Richland scientist recognized for work on biological systems

By The Tri-City HeraldOctober 30, 2013 

A Richland scientist has been recognized for developing new ways to study biological systems.

Richard "Dick" Smith is ranked No. 14 on a list of the most influential people in the analytical sciences, as compiled by The Analytical Scientist magazine in The Power List 2013.

He also has been given the highest honor by the 8,500-member American Society for Mass Spectrometry, the 2013 Distinguished Contribution Award.

Smith, an analytical biochemist and chief scientist and director of proteomics at Pacific Northwest National Laboratory, saw 30 years ago that biology research could benefit from what was then a limited chemistry tool, mass spectrometry.

Since then he has made mass spectrometry a valued tool for biofuels, cancer, infectious diseases and radioactive waste cleanup research, according to PNNL.

His work grew out of an interest in finding a way to study the large array of components that make up biological systems such as cells or larger organisms.

"We've long needed to better characterize biological systems and learn how they really operate," he said in a statement.

Mass spectrometry has the ability to separate and identify proteins and other molecules and measure small changes, he said.

"I thought if we could surmount the technological hurdles, we could tackle many scientific questions in areas from cancer to biofuel production," he said.

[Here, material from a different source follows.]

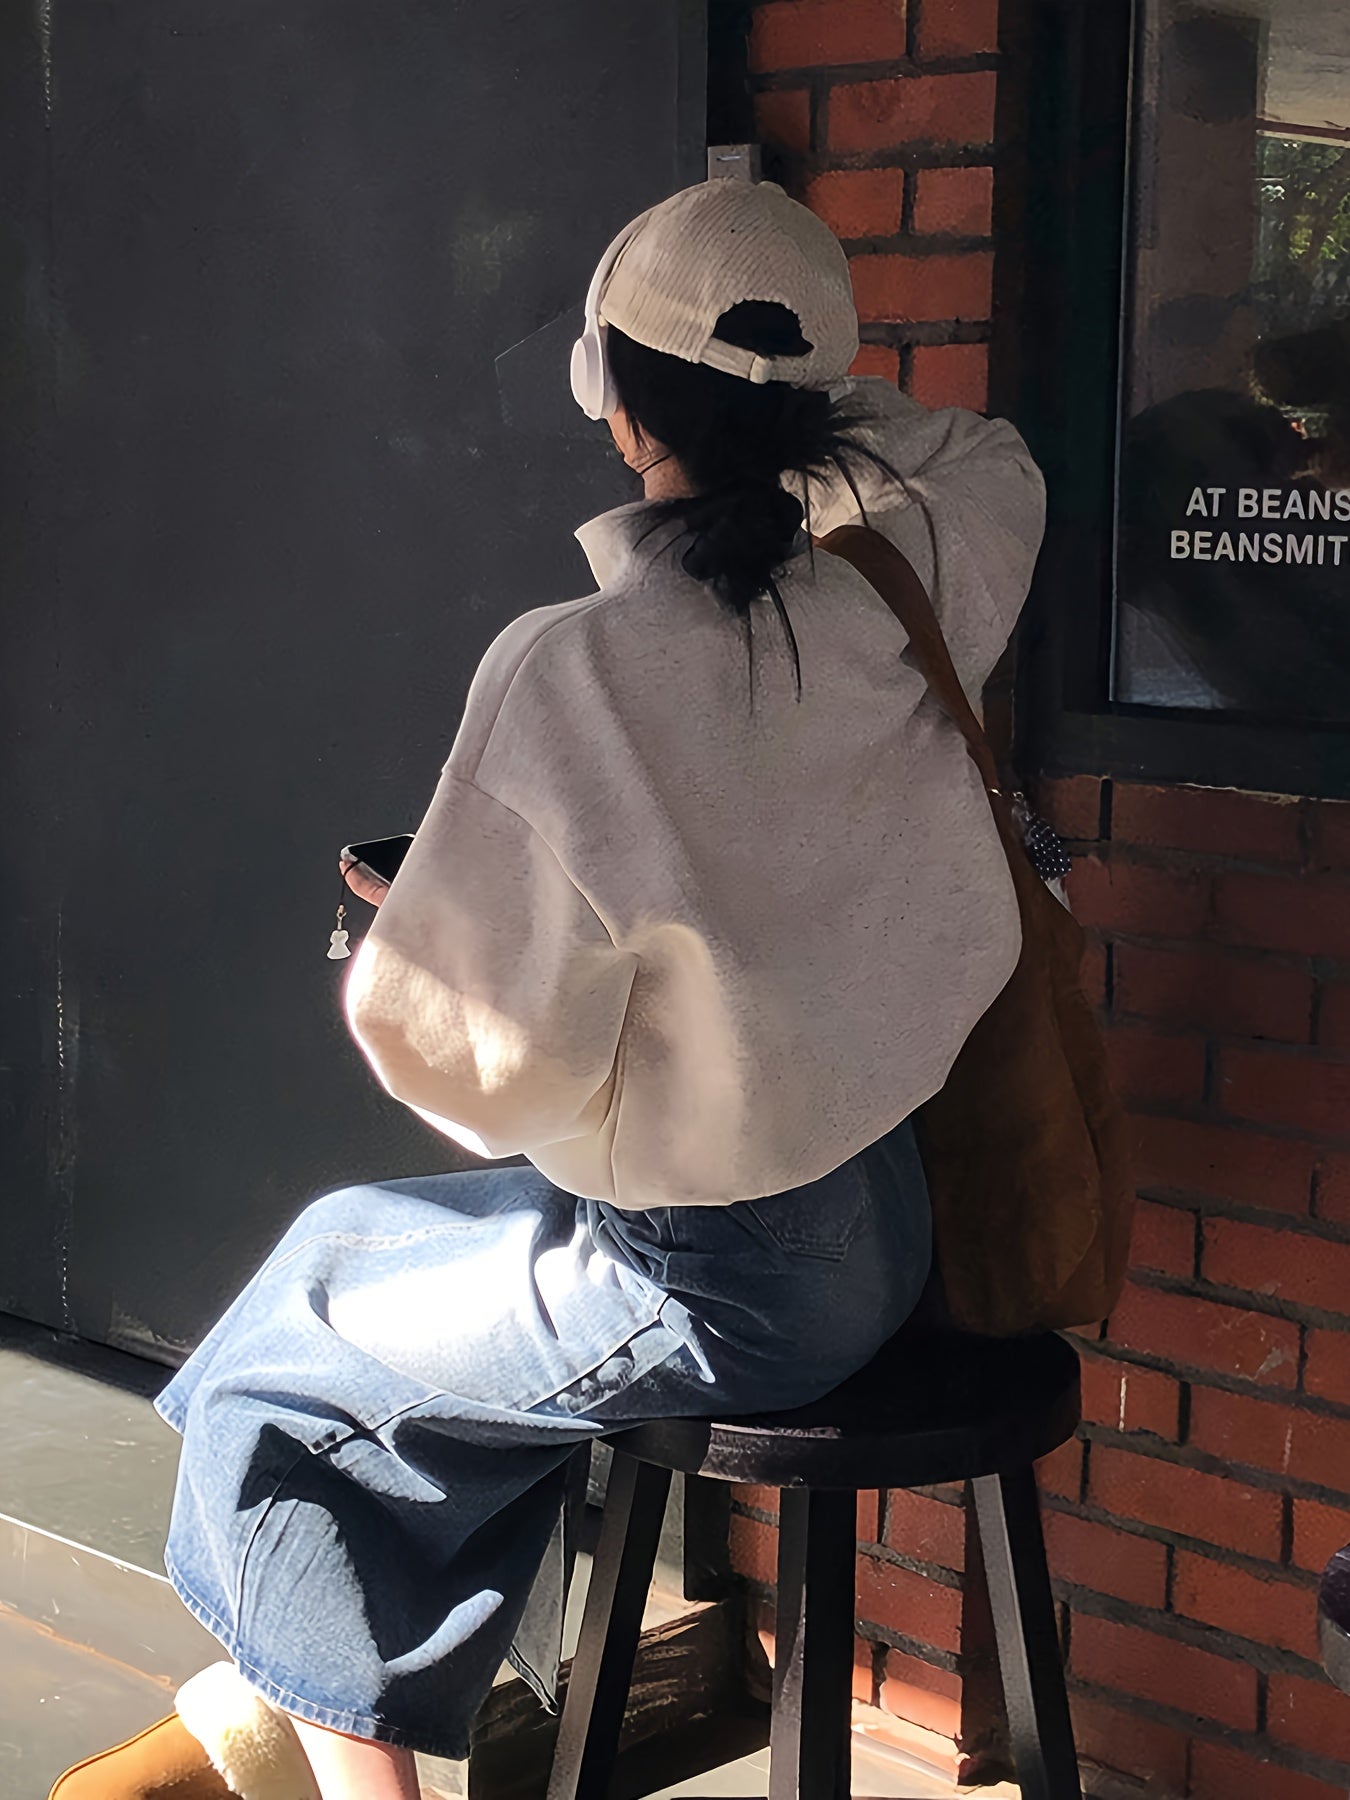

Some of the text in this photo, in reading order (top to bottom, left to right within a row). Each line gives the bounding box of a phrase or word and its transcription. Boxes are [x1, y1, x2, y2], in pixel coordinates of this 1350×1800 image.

His honor from the American Society for Mass Spectrometry was based on a small attachment that fits on the front of a mass spectrometer called an electrodynamic ion funnel. The funnel improves sensitivity, or how well an instrument can detect proteins in a test tube sample.

That has allowed researchers to find rare proteins that were virtually undetectable 15 years ago, according to the society.

Work remains to be done to make technologies based on mass spectrometry "not just 10 times faster, but a million times faster," Smith told The Analytical Scientist.

He plans to combine mass spectrometry with technologies that can provide other important information such as the shape of proteins and molecule, as well as continue work to make research with mass spectrometers faster.